In 2010, the French government launched a programme of forced deportation of the Roma. These deportations have been heavily criticised by many human rights and international political organisations.
The Council of Europe has condemned the expulsions, calling them "contrary to human dignity". Those who accepted to leave France received €300 per adult and €100 per child under the condition that they sign a declaration stating they will not try to come back to France. The French Government had the goal of deporting 30,000 Roma in 2011.

==Censorship==

In conventional terms, France does not have censorship laws. Historically, before its repeal under François Mitterrand in the early 1980s, the ORTF had a significant influence on the mass media. The CSA that has since replaced it is concerned with the respect of French law in the media, in particular the 1990 Gayssot Act which prohibits racist and/or religious hate speech, and time period allocated to each political party during pre-electoral periods. Furthermore, other laws prohibit homophobic hate speech, and a 1970 law prohibits the advocacy of illegal drugs.

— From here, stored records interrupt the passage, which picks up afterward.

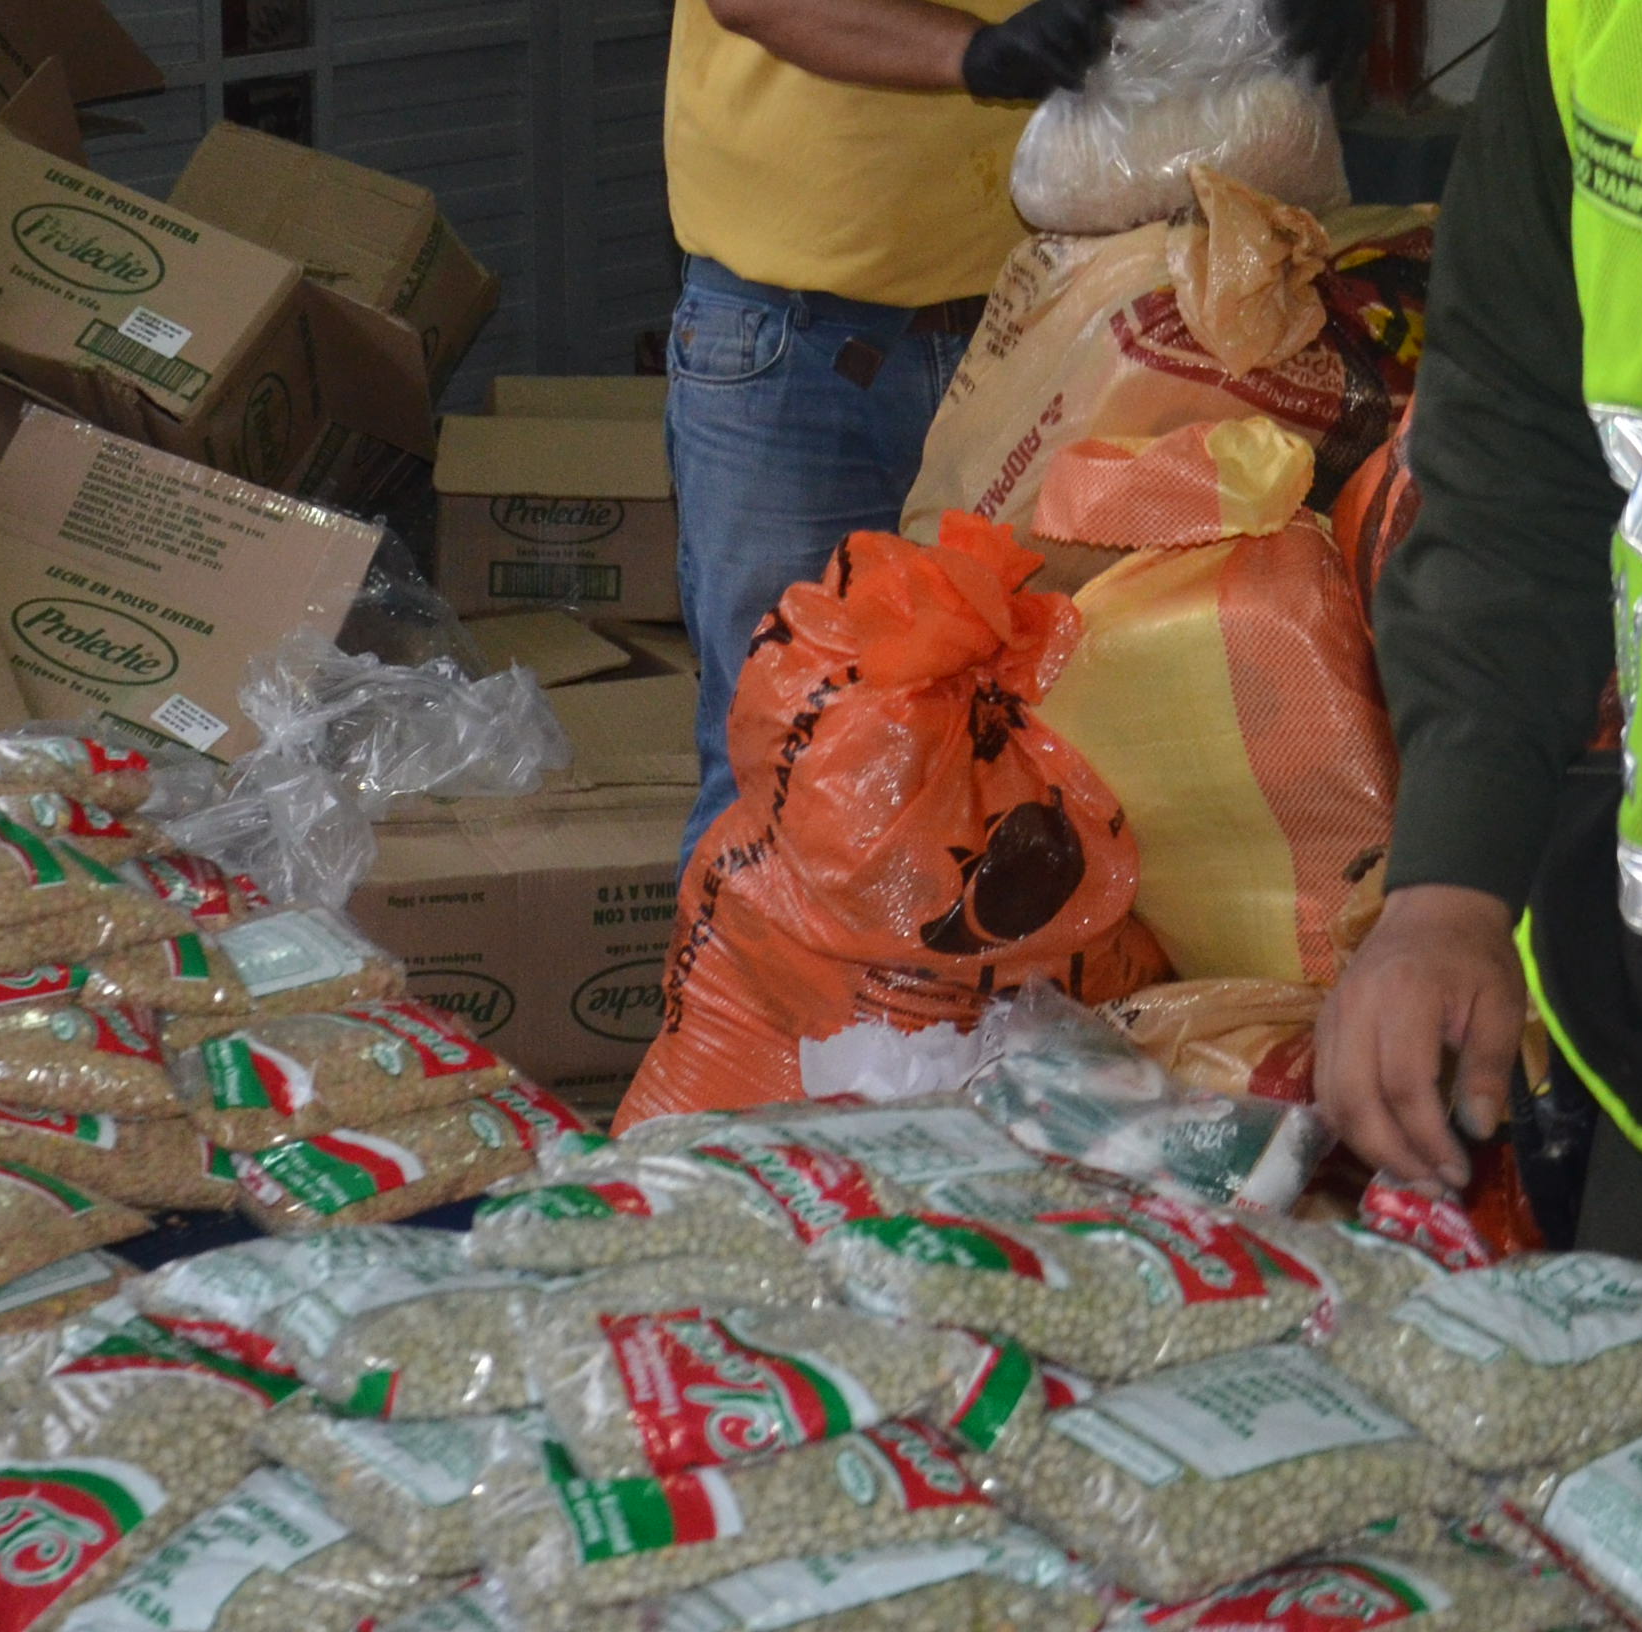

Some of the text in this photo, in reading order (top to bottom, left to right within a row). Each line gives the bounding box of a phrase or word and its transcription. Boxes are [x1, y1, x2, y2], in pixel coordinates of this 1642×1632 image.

[43, 166, 199, 245] LECHE EN POLVO ENTERA
[77, 294, 102, 313] vida
[45, 564, 215, 636] LECHE EN POLVO ENTERA
[84, 686, 112, 704] vida
[593, 908, 624, 924] CON
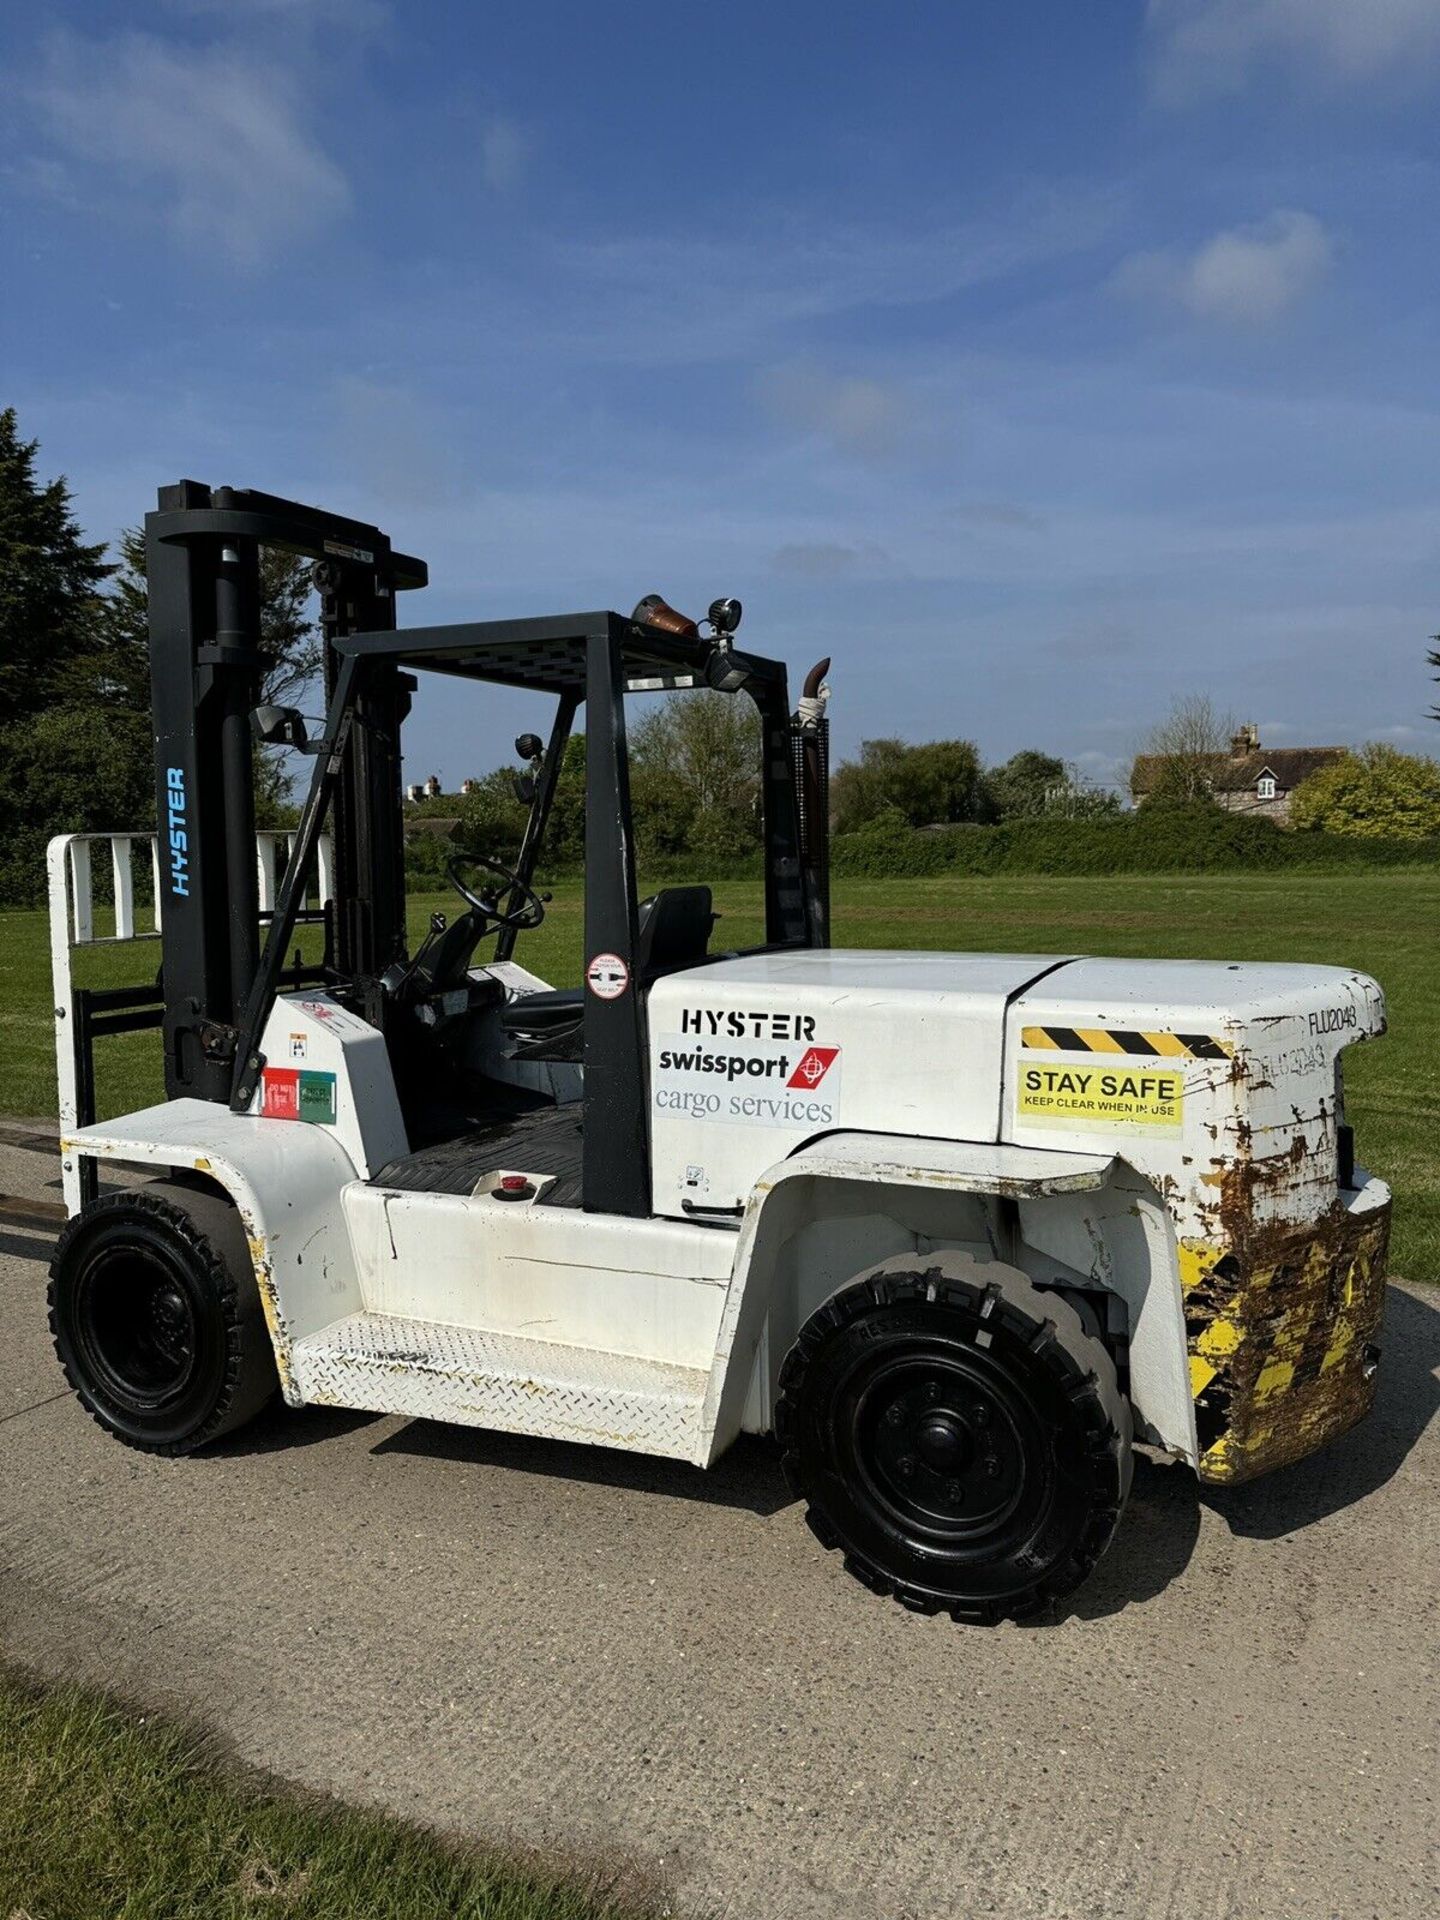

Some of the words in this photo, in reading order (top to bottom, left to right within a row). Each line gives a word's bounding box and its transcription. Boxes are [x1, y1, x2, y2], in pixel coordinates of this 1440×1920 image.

[167, 767, 189, 896] HYSTER
[681, 1008, 816, 1042] HYSTER
[1308, 1005, 1357, 1036] FLU2043
[659, 1045, 789, 1082] swissport
[1025, 1070, 1092, 1094] STAY
[1100, 1075, 1175, 1100] SAFE
[656, 1088, 721, 1118] cargo
[729, 1093, 833, 1123] services
[1024, 1096, 1054, 1106] KEEP
[1056, 1098, 1095, 1110] CLEAR
[1097, 1101, 1132, 1113] WHEN
[1151, 1106, 1175, 1116] USE

==Police abuses and detention conditions==

In 2004, the Inspector General of the National Police received 469 registered complaints about illegitimate police violence during the first 11 months of the year, down from 500 during the same period in 2003. There were 59 confirmed cases of police violence, compared to 65 in the previous year. In April 2004, the ECHR condemned the Government for "inhumane and degrading treatments" in the 1997 case of a teenager beaten while in police custody. The court ordered the Government to pay Giovanni Rivas $20,500 (15,000 euros) in damages and $13,500 (10,000 euros) in court costs. The head of the police station in Saint-Denis, near Paris, was forced to resign after allegations of rape and other violations committed by the police force under his command. Nine investigations concerning police abuse in this police station were done in 2005 by the IGS inspection of police.

==Discrimination==
On 2 December 2020, the French government dissolved the ‘Collective Against Islamophobia in France’ (CCIF), an NGO that combats discrimination against Muslims. CCIF's works have been recognised by the Human Rights Watch as well as other international human rights organizations and lawyers to be important in documenting the discriminatory impact of counterterrorism measures.

The "idéal républicain" (republican ideal) intends to achieve equality in rights between French citizens. To this end, in the national census, the collection of statistics regarding ethnicity or religion is forbidden. This has led to some debate over the decline of indigenous minority languages and identity in the French Republic.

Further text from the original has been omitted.